YOUR TASK:
Would you retype all of these records exactly?

RECORD SET:
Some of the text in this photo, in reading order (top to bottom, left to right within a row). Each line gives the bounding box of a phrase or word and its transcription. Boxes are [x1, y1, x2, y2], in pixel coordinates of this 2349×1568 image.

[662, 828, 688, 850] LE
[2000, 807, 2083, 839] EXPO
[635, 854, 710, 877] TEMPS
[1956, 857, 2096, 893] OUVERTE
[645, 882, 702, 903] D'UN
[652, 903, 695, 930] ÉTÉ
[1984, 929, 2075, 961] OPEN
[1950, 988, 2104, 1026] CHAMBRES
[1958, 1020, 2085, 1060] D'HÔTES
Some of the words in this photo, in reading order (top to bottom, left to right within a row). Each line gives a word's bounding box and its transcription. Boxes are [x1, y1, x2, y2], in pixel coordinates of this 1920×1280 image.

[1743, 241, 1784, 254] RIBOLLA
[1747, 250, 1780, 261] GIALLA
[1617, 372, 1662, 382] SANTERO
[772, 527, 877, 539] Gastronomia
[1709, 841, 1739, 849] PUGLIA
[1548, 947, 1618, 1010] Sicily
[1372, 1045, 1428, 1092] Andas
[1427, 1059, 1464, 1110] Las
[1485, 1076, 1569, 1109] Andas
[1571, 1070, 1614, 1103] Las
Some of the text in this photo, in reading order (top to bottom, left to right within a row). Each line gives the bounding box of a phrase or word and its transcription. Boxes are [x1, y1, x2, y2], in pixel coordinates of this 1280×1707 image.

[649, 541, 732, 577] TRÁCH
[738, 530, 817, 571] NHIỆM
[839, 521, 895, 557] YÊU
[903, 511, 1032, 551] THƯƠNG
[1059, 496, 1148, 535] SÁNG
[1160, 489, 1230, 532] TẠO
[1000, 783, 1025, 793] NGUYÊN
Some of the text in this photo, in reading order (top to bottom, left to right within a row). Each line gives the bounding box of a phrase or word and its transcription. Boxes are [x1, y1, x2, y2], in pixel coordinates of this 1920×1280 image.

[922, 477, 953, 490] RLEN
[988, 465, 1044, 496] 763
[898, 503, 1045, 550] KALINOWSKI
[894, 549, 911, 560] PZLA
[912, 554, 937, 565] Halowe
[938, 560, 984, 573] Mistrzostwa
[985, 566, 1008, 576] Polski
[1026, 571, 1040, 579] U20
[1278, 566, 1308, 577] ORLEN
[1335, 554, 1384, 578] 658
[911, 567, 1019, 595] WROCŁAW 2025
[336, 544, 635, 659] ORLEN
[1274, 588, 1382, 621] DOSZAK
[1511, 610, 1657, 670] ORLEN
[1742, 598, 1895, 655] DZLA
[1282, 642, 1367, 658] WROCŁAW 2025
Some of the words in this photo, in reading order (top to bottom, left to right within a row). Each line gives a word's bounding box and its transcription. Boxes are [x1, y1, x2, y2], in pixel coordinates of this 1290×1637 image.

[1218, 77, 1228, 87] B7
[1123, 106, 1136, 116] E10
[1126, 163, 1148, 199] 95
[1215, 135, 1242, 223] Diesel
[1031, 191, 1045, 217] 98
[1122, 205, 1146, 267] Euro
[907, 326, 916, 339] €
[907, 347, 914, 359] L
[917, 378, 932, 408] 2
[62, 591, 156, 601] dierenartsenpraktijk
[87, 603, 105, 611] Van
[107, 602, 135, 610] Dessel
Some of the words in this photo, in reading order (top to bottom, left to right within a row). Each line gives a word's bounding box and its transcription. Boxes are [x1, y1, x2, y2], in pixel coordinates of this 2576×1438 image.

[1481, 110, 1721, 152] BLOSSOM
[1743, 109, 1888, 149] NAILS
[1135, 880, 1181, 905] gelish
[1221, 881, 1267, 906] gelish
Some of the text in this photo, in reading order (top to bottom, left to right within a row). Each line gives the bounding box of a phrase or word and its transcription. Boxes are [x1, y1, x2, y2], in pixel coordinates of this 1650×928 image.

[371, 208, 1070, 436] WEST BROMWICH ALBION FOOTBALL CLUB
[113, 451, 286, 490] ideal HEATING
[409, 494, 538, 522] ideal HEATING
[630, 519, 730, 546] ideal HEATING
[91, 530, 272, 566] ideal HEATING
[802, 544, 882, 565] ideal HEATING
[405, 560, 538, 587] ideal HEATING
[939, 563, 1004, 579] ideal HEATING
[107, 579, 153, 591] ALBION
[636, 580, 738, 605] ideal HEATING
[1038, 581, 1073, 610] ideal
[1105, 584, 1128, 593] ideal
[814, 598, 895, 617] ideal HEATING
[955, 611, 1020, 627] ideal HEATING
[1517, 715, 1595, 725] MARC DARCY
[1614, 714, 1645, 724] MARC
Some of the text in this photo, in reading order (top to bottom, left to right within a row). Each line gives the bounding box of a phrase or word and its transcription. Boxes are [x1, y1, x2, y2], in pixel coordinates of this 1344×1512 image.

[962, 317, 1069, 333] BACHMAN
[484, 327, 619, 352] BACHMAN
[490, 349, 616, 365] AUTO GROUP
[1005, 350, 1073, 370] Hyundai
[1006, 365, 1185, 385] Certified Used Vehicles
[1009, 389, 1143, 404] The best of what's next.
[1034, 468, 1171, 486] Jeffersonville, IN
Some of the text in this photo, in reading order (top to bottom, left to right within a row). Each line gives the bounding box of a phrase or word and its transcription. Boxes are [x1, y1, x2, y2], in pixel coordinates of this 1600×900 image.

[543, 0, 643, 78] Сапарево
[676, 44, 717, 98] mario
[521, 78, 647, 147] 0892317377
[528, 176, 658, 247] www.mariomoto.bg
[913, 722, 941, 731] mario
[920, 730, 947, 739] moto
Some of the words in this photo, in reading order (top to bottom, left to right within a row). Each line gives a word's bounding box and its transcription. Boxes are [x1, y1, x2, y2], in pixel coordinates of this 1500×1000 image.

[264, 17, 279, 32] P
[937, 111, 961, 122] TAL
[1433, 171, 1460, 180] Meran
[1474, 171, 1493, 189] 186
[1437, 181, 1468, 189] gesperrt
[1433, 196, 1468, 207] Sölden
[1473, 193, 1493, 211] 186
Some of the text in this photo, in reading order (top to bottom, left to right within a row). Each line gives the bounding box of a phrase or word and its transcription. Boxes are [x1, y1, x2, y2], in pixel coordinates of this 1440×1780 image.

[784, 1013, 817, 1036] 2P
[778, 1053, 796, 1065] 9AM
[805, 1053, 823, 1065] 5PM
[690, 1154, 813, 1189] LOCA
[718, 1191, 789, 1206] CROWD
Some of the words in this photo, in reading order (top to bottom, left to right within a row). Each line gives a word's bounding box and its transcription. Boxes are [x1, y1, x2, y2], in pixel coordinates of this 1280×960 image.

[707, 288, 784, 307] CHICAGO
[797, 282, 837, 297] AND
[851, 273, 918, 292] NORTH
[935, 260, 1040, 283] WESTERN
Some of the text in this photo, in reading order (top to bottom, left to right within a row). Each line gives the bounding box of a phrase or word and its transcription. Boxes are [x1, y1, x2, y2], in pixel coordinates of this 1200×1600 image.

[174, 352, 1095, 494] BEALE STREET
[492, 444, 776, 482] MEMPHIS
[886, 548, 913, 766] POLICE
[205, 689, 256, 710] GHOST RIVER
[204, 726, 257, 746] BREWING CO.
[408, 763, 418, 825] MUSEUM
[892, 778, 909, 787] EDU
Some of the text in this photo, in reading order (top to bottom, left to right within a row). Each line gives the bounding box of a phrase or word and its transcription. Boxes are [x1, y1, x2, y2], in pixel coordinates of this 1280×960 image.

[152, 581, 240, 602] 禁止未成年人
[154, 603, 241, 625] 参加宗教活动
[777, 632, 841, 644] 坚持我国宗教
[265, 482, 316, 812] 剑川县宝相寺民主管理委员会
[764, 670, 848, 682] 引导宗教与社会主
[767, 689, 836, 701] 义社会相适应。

TASK SOLUTION:
Some of the text in this photo, in reading order (top to bottom, left to right within a row). Each line gives the bounding box of a phrase or word and its transcription. Boxes are [x1, y1, x2, y2], in pixel coordinates of this 2349×1568 image.

[662, 828, 688, 850] LE
[2000, 807, 2083, 839] EXPO
[635, 854, 710, 877] TEMPS
[1956, 857, 2096, 893] OUVERTE
[645, 882, 702, 903] D'UN
[652, 903, 695, 930] ÉTÉ
[1984, 929, 2075, 961] OPEN
[1950, 988, 2104, 1026] CHAMBRES
[1958, 1020, 2085, 1060] D'HÔTES
Some of the words in this photo, in reading order (top to bottom, left to right within a row). Each line gives a word's bounding box and its transcription. Boxes are [x1, y1, x2, y2], in pixel coordinates of this 1920×1280 image.

[1743, 241, 1784, 254] RIBOLLA
[1747, 250, 1780, 261] GIALLA
[1617, 372, 1662, 382] SANTERO
[772, 527, 877, 539] Gastronomia
[1709, 841, 1739, 849] PUGLIA
[1548, 947, 1618, 1010] Sicily
[1372, 1045, 1428, 1092] Andas
[1427, 1059, 1464, 1110] Las
[1485, 1076, 1569, 1109] Andas
[1571, 1070, 1614, 1103] Las
Some of the text in this photo, in reading order (top to bottom, left to right within a row). Each line gives the bounding box of a phrase or word and its transcription. Boxes are [x1, y1, x2, y2], in pixel coordinates of this 1280×1707 image.

[649, 541, 732, 577] TRÁCH
[738, 530, 817, 571] NHIỆM
[839, 521, 895, 557] YÊU
[903, 511, 1032, 551] THƯƠNG
[1059, 496, 1148, 535] SÁNG
[1160, 489, 1230, 532] TẠO
[1000, 783, 1025, 793] NGUYÊN
Some of the text in this photo, in reading order (top to bottom, left to right within a row). Each line gives the bounding box of a phrase or word and its transcription. Boxes are [x1, y1, x2, y2], in pixel coordinates of this 1920×1280 image.

[922, 477, 953, 490] RLEN
[988, 465, 1044, 496] 763
[898, 503, 1045, 550] KALINOWSKI
[894, 549, 911, 560] PZLA
[912, 554, 937, 565] Halowe
[938, 560, 984, 573] Mistrzostwa
[985, 566, 1008, 576] Polski
[1026, 571, 1040, 579] U20
[1278, 566, 1308, 577] ORLEN
[1335, 554, 1384, 578] 658
[911, 567, 1019, 595] WROCŁAW 2025
[336, 544, 635, 659] ORLEN
[1274, 588, 1382, 621] DOSZAK
[1511, 610, 1657, 670] ORLEN
[1742, 598, 1895, 655] DZLA
[1282, 642, 1367, 658] WROCŁAW 2025
Some of the words in this photo, in reading order (top to bottom, left to right within a row). Each line gives a word's bounding box and its transcription. Boxes are [x1, y1, x2, y2], in pixel coordinates of this 1290×1637 image.

[1218, 77, 1228, 87] B7
[1123, 106, 1136, 116] E10
[1126, 163, 1148, 199] 95
[1215, 135, 1242, 223] Diesel
[1031, 191, 1045, 217] 98
[1122, 205, 1146, 267] Euro
[907, 326, 916, 339] €
[907, 347, 914, 359] L
[917, 378, 932, 408] 2
[62, 591, 156, 601] dierenartsenpraktijk
[87, 603, 105, 611] Van
[107, 602, 135, 610] Dessel
Some of the words in this photo, in reading order (top to bottom, left to right within a row). Each line gives a word's bounding box and its transcription. Boxes are [x1, y1, x2, y2], in pixel coordinates of this 2576×1438 image.

[1481, 110, 1721, 152] BLOSSOM
[1743, 109, 1888, 149] NAILS
[1135, 880, 1181, 905] gelish
[1221, 881, 1267, 906] gelish
Some of the text in this photo, in reading order (top to bottom, left to right within a row). Each line gives the bounding box of a phrase or word and its transcription. Boxes are [x1, y1, x2, y2], in pixel coordinates of this 1650×928 image.

[371, 208, 1070, 436] WEST BROMWICH ALBION FOOTBALL CLUB
[113, 451, 286, 490] ideal HEATING
[409, 494, 538, 522] ideal HEATING
[630, 519, 730, 546] ideal HEATING
[91, 530, 272, 566] ideal HEATING
[802, 544, 882, 565] ideal HEATING
[405, 560, 538, 587] ideal HEATING
[939, 563, 1004, 579] ideal HEATING
[107, 579, 153, 591] ALBION
[636, 580, 738, 605] ideal HEATING
[1038, 581, 1073, 610] ideal
[1105, 584, 1128, 593] ideal
[814, 598, 895, 617] ideal HEATING
[955, 611, 1020, 627] ideal HEATING
[1517, 715, 1595, 725] MARC DARCY
[1614, 714, 1645, 724] MARC
Some of the text in this photo, in reading order (top to bottom, left to right within a row). Each line gives the bounding box of a phrase or word and its transcription. Boxes are [x1, y1, x2, y2], in pixel coordinates of this 1344×1512 image.

[962, 317, 1069, 333] BACHMAN
[484, 327, 619, 352] BACHMAN
[490, 349, 616, 365] AUTO GROUP
[1005, 350, 1073, 370] Hyundai
[1006, 365, 1185, 385] Certified Used Vehicles
[1009, 389, 1143, 404] The best of what's next.
[1034, 468, 1171, 486] Jeffersonville, IN
Some of the text in this photo, in reading order (top to bottom, left to right within a row). Each line gives the bounding box of a phrase or word and its transcription. Boxes are [x1, y1, x2, y2], in pixel coordinates of this 1600×900 image.

[543, 0, 643, 78] Сапарево
[676, 44, 717, 98] mario
[521, 78, 647, 147] 0892317377
[528, 176, 658, 247] www.mariomoto.bg
[913, 722, 941, 731] mario
[920, 730, 947, 739] moto
Some of the words in this photo, in reading order (top to bottom, left to right within a row). Each line gives a word's bounding box and its transcription. Boxes are [x1, y1, x2, y2], in pixel coordinates of this 1500×1000 image.

[264, 17, 279, 32] P
[937, 111, 961, 122] TAL
[1433, 171, 1460, 180] Meran
[1474, 171, 1493, 189] 186
[1437, 181, 1468, 189] gesperrt
[1433, 196, 1468, 207] Sölden
[1473, 193, 1493, 211] 186
Some of the text in this photo, in reading order (top to bottom, left to right within a row). Each line gives the bounding box of a phrase or word and its transcription. Boxes are [x1, y1, x2, y2], in pixel coordinates of this 1440×1780 image.

[784, 1013, 817, 1036] 2P
[778, 1053, 796, 1065] 9AM
[805, 1053, 823, 1065] 5PM
[690, 1154, 813, 1189] LOCA
[718, 1191, 789, 1206] CROWD
Some of the words in this photo, in reading order (top to bottom, left to right within a row). Each line gives a word's bounding box and its transcription. Boxes are [x1, y1, x2, y2], in pixel coordinates of this 1280×960 image.

[707, 288, 784, 307] CHICAGO
[797, 282, 837, 297] AND
[851, 273, 918, 292] NORTH
[935, 260, 1040, 283] WESTERN
Some of the text in this photo, in reading order (top to bottom, left to right within a row). Each line gives the bounding box of a phrase or word and its transcription. Boxes are [x1, y1, x2, y2], in pixel coordinates of this 1200×1600 image.

[174, 352, 1095, 494] BEALE STREET
[492, 444, 776, 482] MEMPHIS
[886, 548, 913, 766] POLICE
[205, 689, 256, 710] GHOST RIVER
[204, 726, 257, 746] BREWING CO.
[408, 763, 418, 825] MUSEUM
[892, 778, 909, 787] EDU
Some of the text in this photo, in reading order (top to bottom, left to right within a row). Each line gives the bounding box of a phrase or word and its transcription. Boxes are [x1, y1, x2, y2], in pixel coordinates of this 1280×960 image.

[152, 581, 240, 602] 禁止未成年人
[154, 603, 241, 625] 参加宗教活动
[777, 632, 841, 644] 坚持我国宗教
[265, 482, 316, 812] 剑川县宝相寺民主管理委员会
[764, 670, 848, 682] 引导宗教与社会主
[767, 689, 836, 701] 义社会相适应。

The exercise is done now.